**Free-text object descriptions**
Start of Block

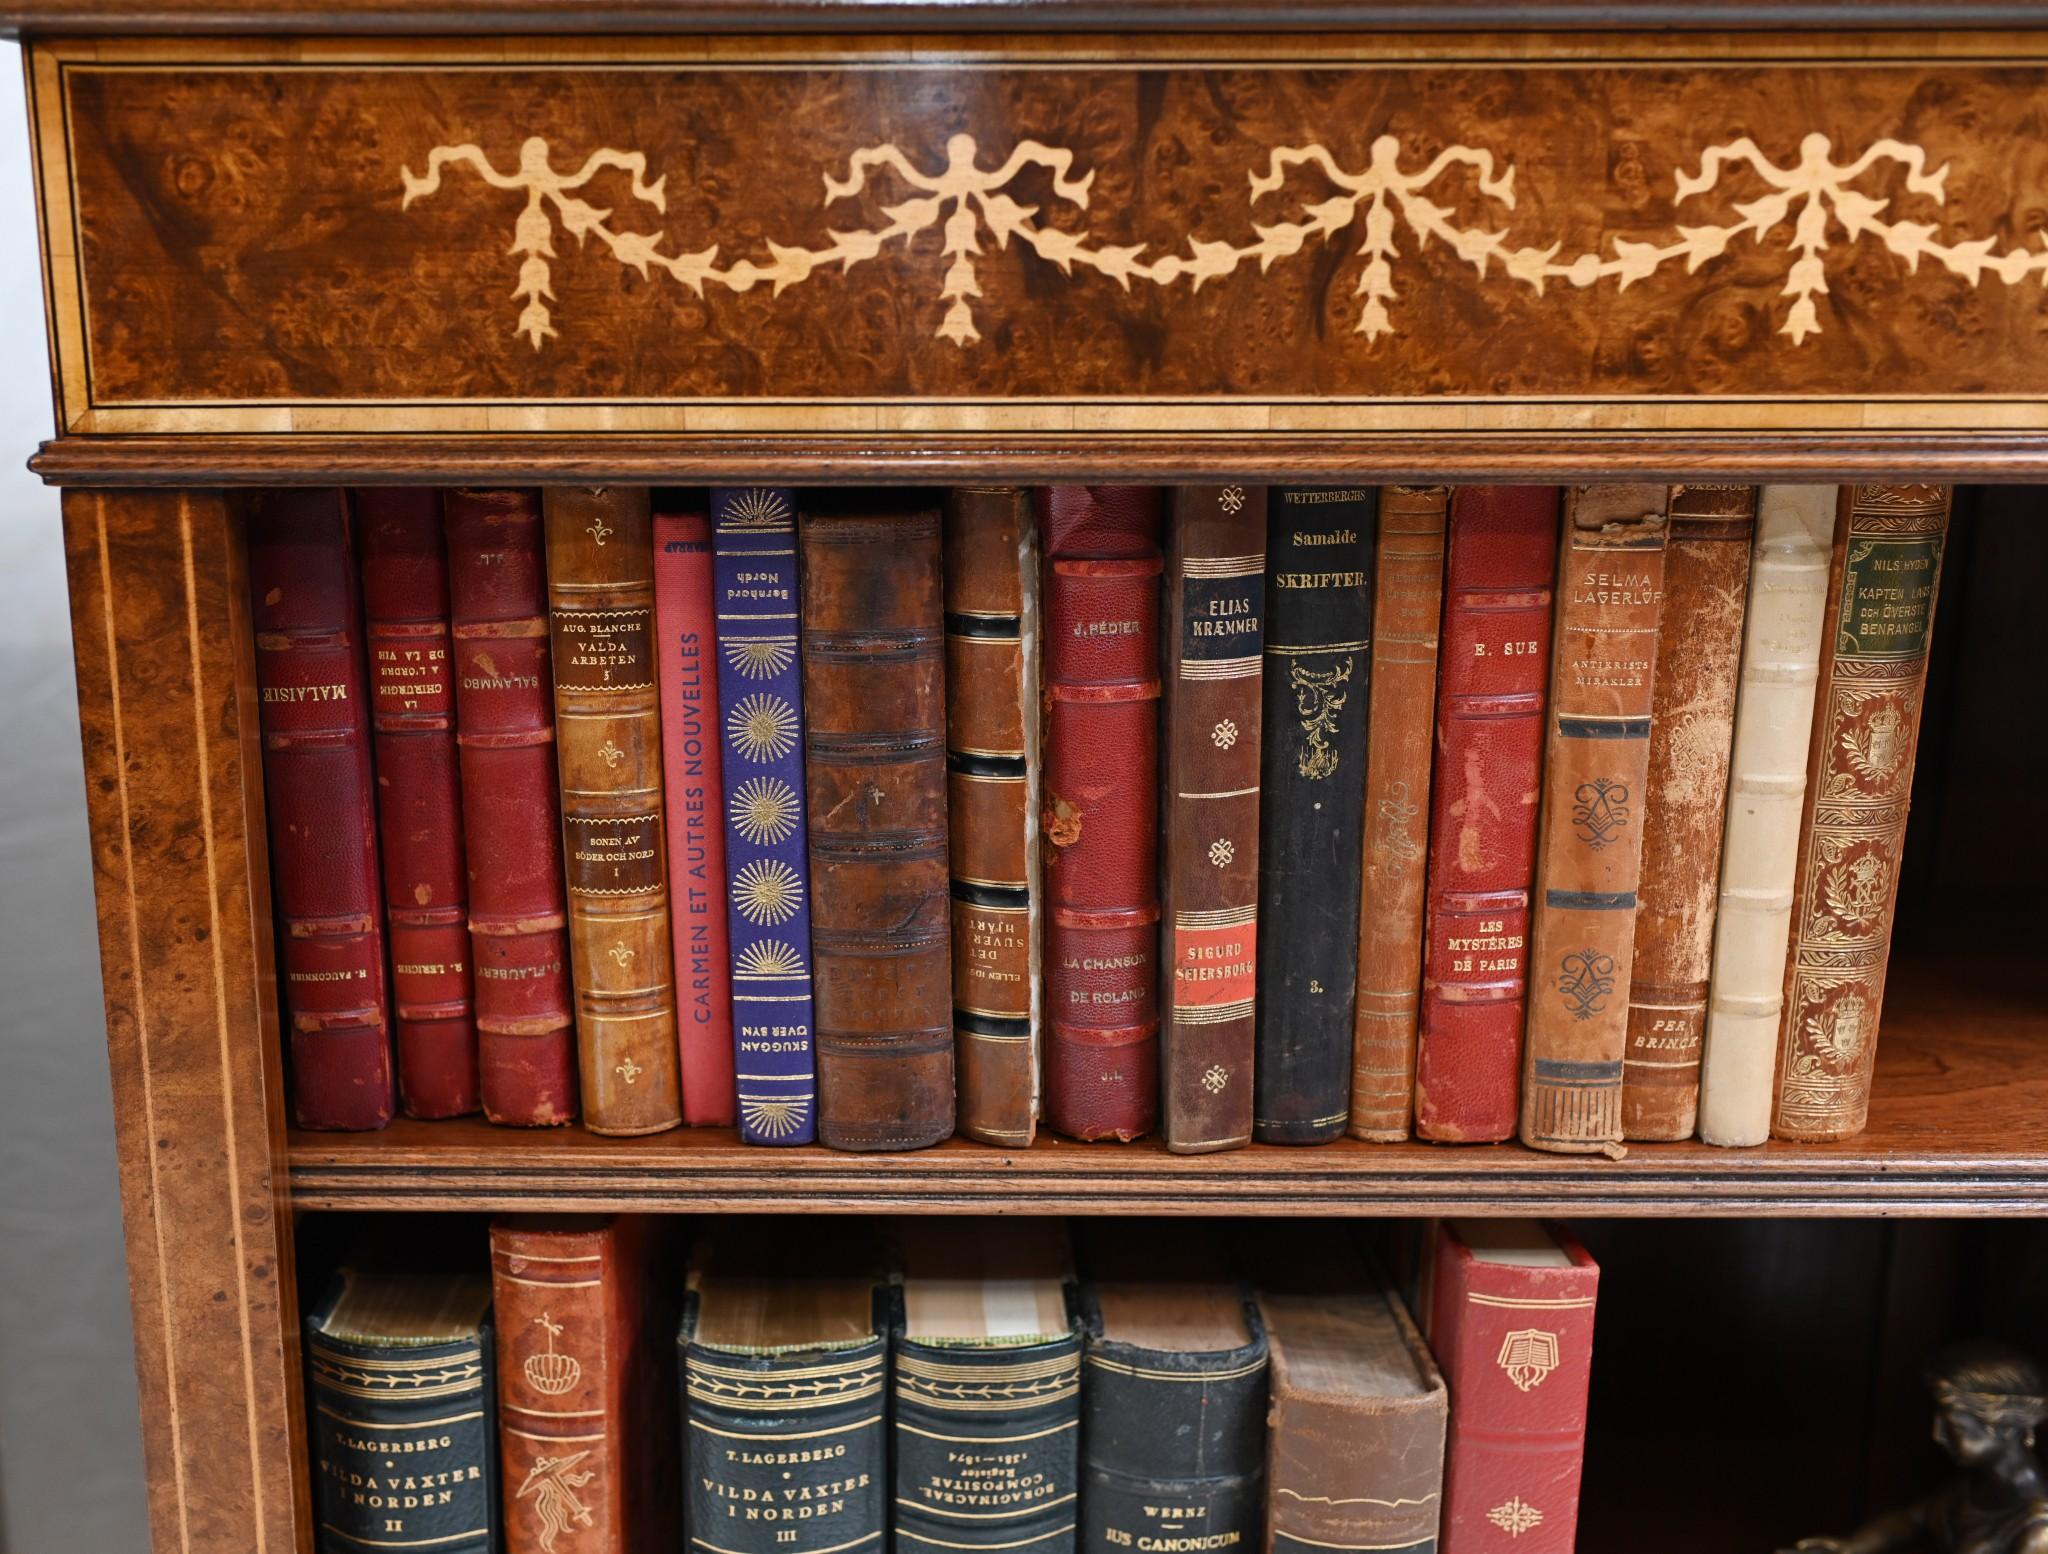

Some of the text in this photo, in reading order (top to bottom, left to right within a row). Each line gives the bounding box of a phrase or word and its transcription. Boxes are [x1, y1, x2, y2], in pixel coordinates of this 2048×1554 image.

[1284, 489, 1366, 504] WETTERBERGHS
[1873, 559, 1901, 571] NILS
[737, 572, 779, 584] Nordh
[1583, 573, 1652, 587] SELMA
[1574, 588, 1663, 605] LAGERLÖF
[1858, 588, 1904, 600] KAPTEN
[1209, 598, 1250, 617] ELIAS
[1860, 603, 1926, 617] OCH ÖVERSTE
[562, 623, 642, 634] AUG. BLANCHE
[1193, 617, 1258, 637] KRÆMMER
[1860, 622, 1923, 635] BENRANGEL
[577, 643, 628, 652] VALDA
[1474, 641, 1538, 657] E. SUE
[405, 651, 421, 661] LA
[429, 651, 445, 660] DE
[571, 655, 637, 665] ARBETEN
[1572, 661, 1649, 671] ANTIKRISTS
[463, 676, 539, 689] SALAMMBO
[1575, 677, 1643, 687] MIRAKLER
[263, 684, 348, 703] MALAISIE
[404, 700, 418, 709] LA
[681, 633, 712, 1024] CARMEN ET AUTRES NOUVELLES
[590, 835, 641, 847] SONEN AV
[575, 849, 654, 862] SÖDER OCH NORD
[1479, 921, 1503, 934] LES
[969, 950, 998, 960] DET
[1187, 943, 1242, 961] SIGURD
[1064, 953, 1146, 970] LA CHANSON
[1453, 958, 1518, 972] DE PARIS
[988, 972, 1021, 982] ELLEN
[1176, 961, 1254, 982] SEIERSBORG
[1309, 979, 1324, 994] 3.
[1070, 987, 1146, 1004] DE ROLAND
[742, 1026, 767, 1037] BYN
[1653, 1020, 1686, 1032] PER
[741, 1040, 808, 1052] SKUGGAN
[1634, 1035, 1698, 1049] BRINCK
[320, 1460, 379, 1490] VILDA
[960, 1468, 1016, 1479] Register
[931, 1473, 1044, 1491] COMPOSITAE
[702, 1478, 775, 1502] VILDA
[354, 1490, 453, 1509] NORDEN
[728, 1499, 845, 1521] I NORDEN
[1143, 1505, 1207, 1519] WERNZ
[385, 1519, 403, 1532] II
[776, 1530, 797, 1542] III
[1105, 1527, 1241, 1552] IUS CANONICUM

End of Block

**INSTRUCTIONS FOR THE TASK**
Retype each line above exactly and leave out any picture.

**REPLY TO THE EXERCISE**
Some of the text in this photo, in reading order (top to bottom, left to right within a row). Each line gives the bounding box of a phrase or word and its transcription. Boxes are [x1, y1, x2, y2], in pixel coordinates of this 2048×1554 image.

[1284, 489, 1366, 504] WETTERBERGHS
[1873, 559, 1901, 571] NILS
[737, 572, 779, 584] Nordh
[1583, 573, 1652, 587] SELMA
[1574, 588, 1663, 605] LAGERLÖF
[1858, 588, 1904, 600] KAPTEN
[1209, 598, 1250, 617] ELIAS
[1860, 603, 1926, 617] OCH ÖVERSTE
[562, 623, 642, 634] AUG. BLANCHE
[1193, 617, 1258, 637] KRÆMMER
[1860, 622, 1923, 635] BENRANGEL
[577, 643, 628, 652] VALDA
[1474, 641, 1538, 657] E. SUE
[405, 651, 421, 661] LA
[429, 651, 445, 660] DE
[571, 655, 637, 665] ARBETEN
[1572, 661, 1649, 671] ANTIKRISTS
[463, 676, 539, 689] SALAMMBO
[1575, 677, 1643, 687] MIRAKLER
[263, 684, 348, 703] MALAISIE
[404, 700, 418, 709] LA
[681, 633, 712, 1024] CARMEN ET AUTRES NOUVELLES
[590, 835, 641, 847] SONEN AV
[575, 849, 654, 862] SÖDER OCH NORD
[1479, 921, 1503, 934] LES
[969, 950, 998, 960] DET
[1187, 943, 1242, 961] SIGURD
[1064, 953, 1146, 970] LA CHANSON
[1453, 958, 1518, 972] DE PARIS
[988, 972, 1021, 982] ELLEN
[1176, 961, 1254, 982] SEIERSBORG
[1309, 979, 1324, 994] 3.
[1070, 987, 1146, 1004] DE ROLAND
[742, 1026, 767, 1037] BYN
[1653, 1020, 1686, 1032] PER
[741, 1040, 808, 1052] SKUGGAN
[1634, 1035, 1698, 1049] BRINCK
[320, 1460, 379, 1490] VILDA
[960, 1468, 1016, 1479] Register
[931, 1473, 1044, 1491] COMPOSITAE
[702, 1478, 775, 1502] VILDA
[354, 1490, 453, 1509] NORDEN
[728, 1499, 845, 1521] I NORDEN
[1143, 1505, 1207, 1519] WERNZ
[385, 1519, 403, 1532] II
[776, 1530, 797, 1542] III
[1105, 1527, 1241, 1552] IUS CANONICUM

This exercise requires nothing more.